Northwest Territories

There are some territories in North America where Indian people still can live somehow a kind of traditional way of life. I wrote ‘somehow’ because they live in reservations, with not very much power (political, cultural, religious, idiomatic, social and economic) on their own lives. This is why the American Indian Movement was created. American Indians know about that movement.

I would like to underline that some very interesting people came from the Northwest Territories to form the Northwest AIM, grassroots people. Some of them are still fighting, some of them are dead, and one of them has become very famous. Indeed, the American Justice and the FBI have made him ‘famous’.

Here some of these warriors: Joe Stuntz, killed at Oglala, June 26, 1975. His death has not ever been investigated. Robert (Bob) Robideau, who was at that fight and was indicted and freed from any guilt, because he was defending himself, and his people. Leonard Peltier, who also was at that fight, and is still in prison, because the FBI can’t stand him, and what he represented; and finally, among some others, Jim Robideau (Dakota Youth Project Parent Board President), Steve Robideau (co-founder of Leonard Peltier’s International Defense Committee and former director, recently dead), and Russell Redner (co-organizer of the first Peltier’s Defense Committee, and, since June 2005, the current national director of the Leonard Peltier Defense Committee).

Indian people know these warriors, what they had done, what they are doing nowadays and their commitment to free Leonard Peltier from prison.

The Northwest AIM’s main struggle has been in favor of sovereignty, self-determination, territoriality and spirituality. The reader is aware of these common features to any Indian warrior.

Their spirituality is not to be confused with any fundamentalist approach. On the contrary, Indian people are related to all kinds of life and many traditional spiritual beliefs and practices. Their spiritual tradition is an important part of their culture and their history. They take very much into account the individual and collective rights. So, every single Native knows what self-determination means, at those two levels. At the collective level, this right of self-determination is related to the Earth, their historical territories, their treaties and their history.

Indian nations know that the right of self-determination is the key to sovereignty, the key to exercise their own control over their territories in many different expressions and contents (economic, cultural, political, social, and so on). Political sovereignty includes absolute independence from any other nation, people, or state.

Indian people know about democracy, about grassroots decision making processes, and about confederation and alliances among different people, tribes and nations to defend their common rights.

All this is very well known to any Indian warrior: Nothing new, up to now.

But there are other Northwest Territories in the Western Pyrenees (Europe), where the Basques live. They are called, sometimes in a contemptuous way, the last ‘Indians’ of Europe. Do they have anything in common with the Native Americans? If so what? What do you know about their fight for freedom?

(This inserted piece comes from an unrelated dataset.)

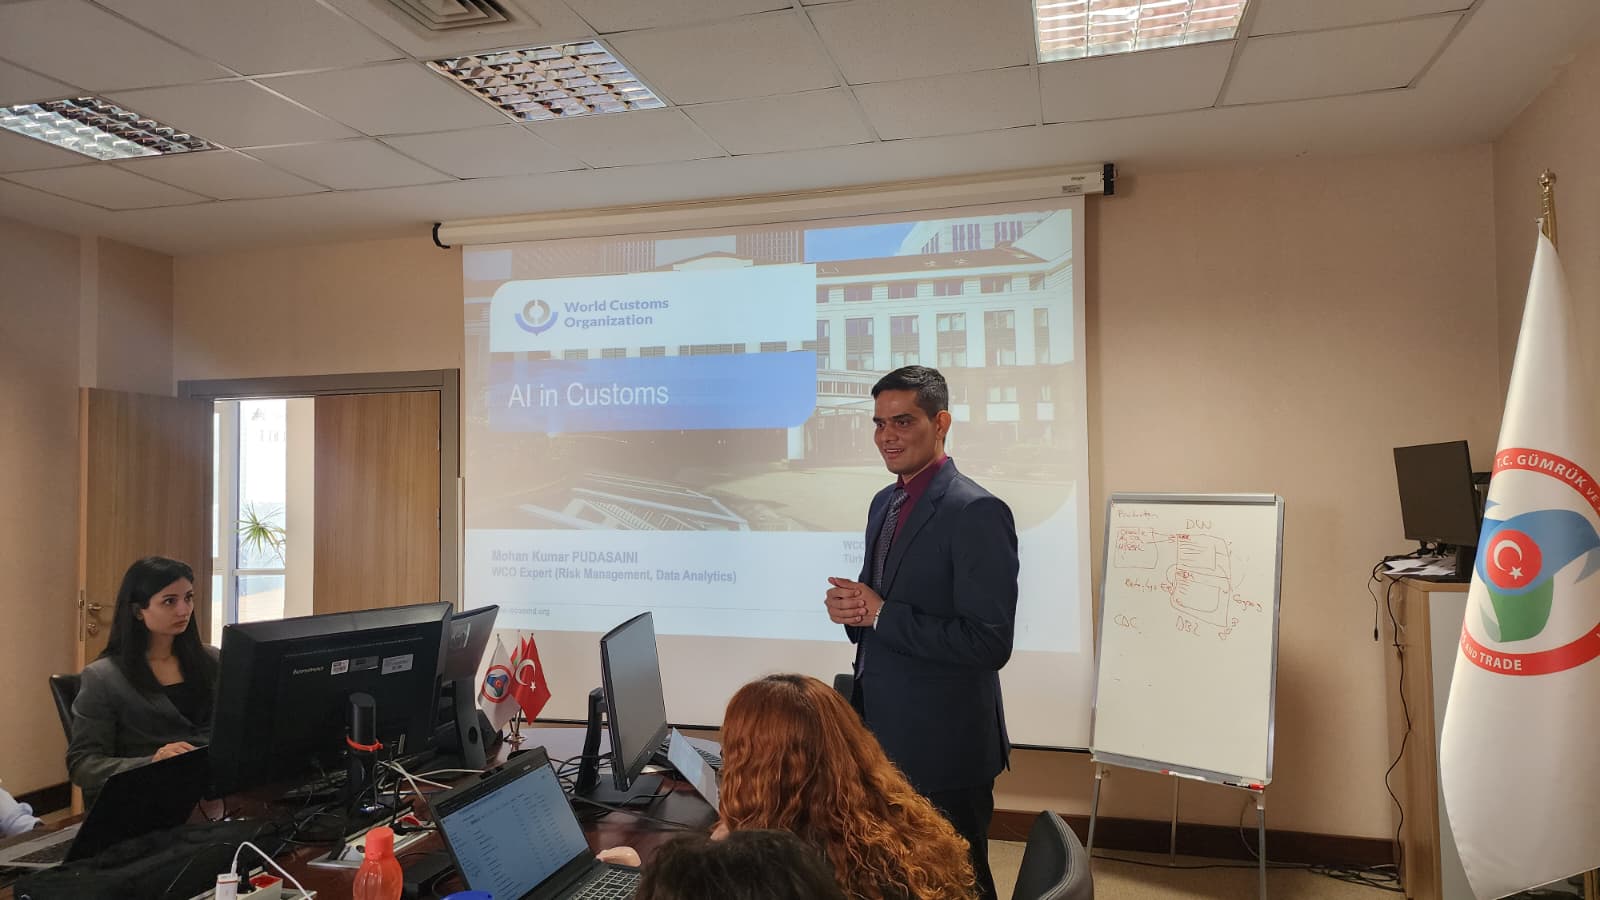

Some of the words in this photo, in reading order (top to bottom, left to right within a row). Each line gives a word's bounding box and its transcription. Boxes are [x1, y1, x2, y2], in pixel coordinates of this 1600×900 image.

Here you have some clues and information about them.

Basque Country (Euskal Herria in Basque):

The Basque Country spans both sides of the French-Spanish border, an area located on the French-Spanish border in the western Pyrenees. The Basque Country is divided, with provinces split between Spanish and French states: Araba, Bizkaia (Biskay), Gipuzkoa and Nafarroa (Navarre) are situated in the Spanish state; and Zuberoa, Lapurdi and Nafarroa Beherea are situated in the French state. Its whole population is around 2,900,000 inhabitants.

Basque language (or Euskara):

Basque – or Euskara – is spoken by a population of approximately 600,000 – 700,000 people. Of a total number of 632,000 Basque-speakers, some 566,000 live within the Spanish state, and some 66,000 in the French state. The word euskaldun means ‘Basque-speaker’ (‘one who has Basque’), and Basque people normally refer to themselves as euskaldunak.

Although scholars have tried to link Basque to other languages, it is generally considered to be a ‘language isolate’ – i.e. it is a natural language with no demonstrable genetic relationship with other languages. However, Basque has borrowed words from other languages, including Latin, Spanish, French, Celtic and Arabic, although its influence on neighbouring languages has been minimal. One example of a word in the English language which is Basque in origin, is ‘bilbo’, meaning ‘a sword of outstanding quality’, which appeared in Shakespeare’s day.

During the dictatorship which followed the Spanish Civil War, Basque was banned, and was not taught in schools. Attempts were made to allow for the provision of Basque-language teaching; today, some fruits of this are being seen, with Basque schools established. Nowadays Basque is used in our universities to teach any kind of subject.

Politics and political situation:

There is a historical conflict between the Basques and the Spanish and French states. The armed conflict related to ETA is only a part, a minimum part, of the Basque history. Before ETA started and after ETA will disappear the conflict was there and will be there, since the future of the Basques will be decided by the Basque civil society.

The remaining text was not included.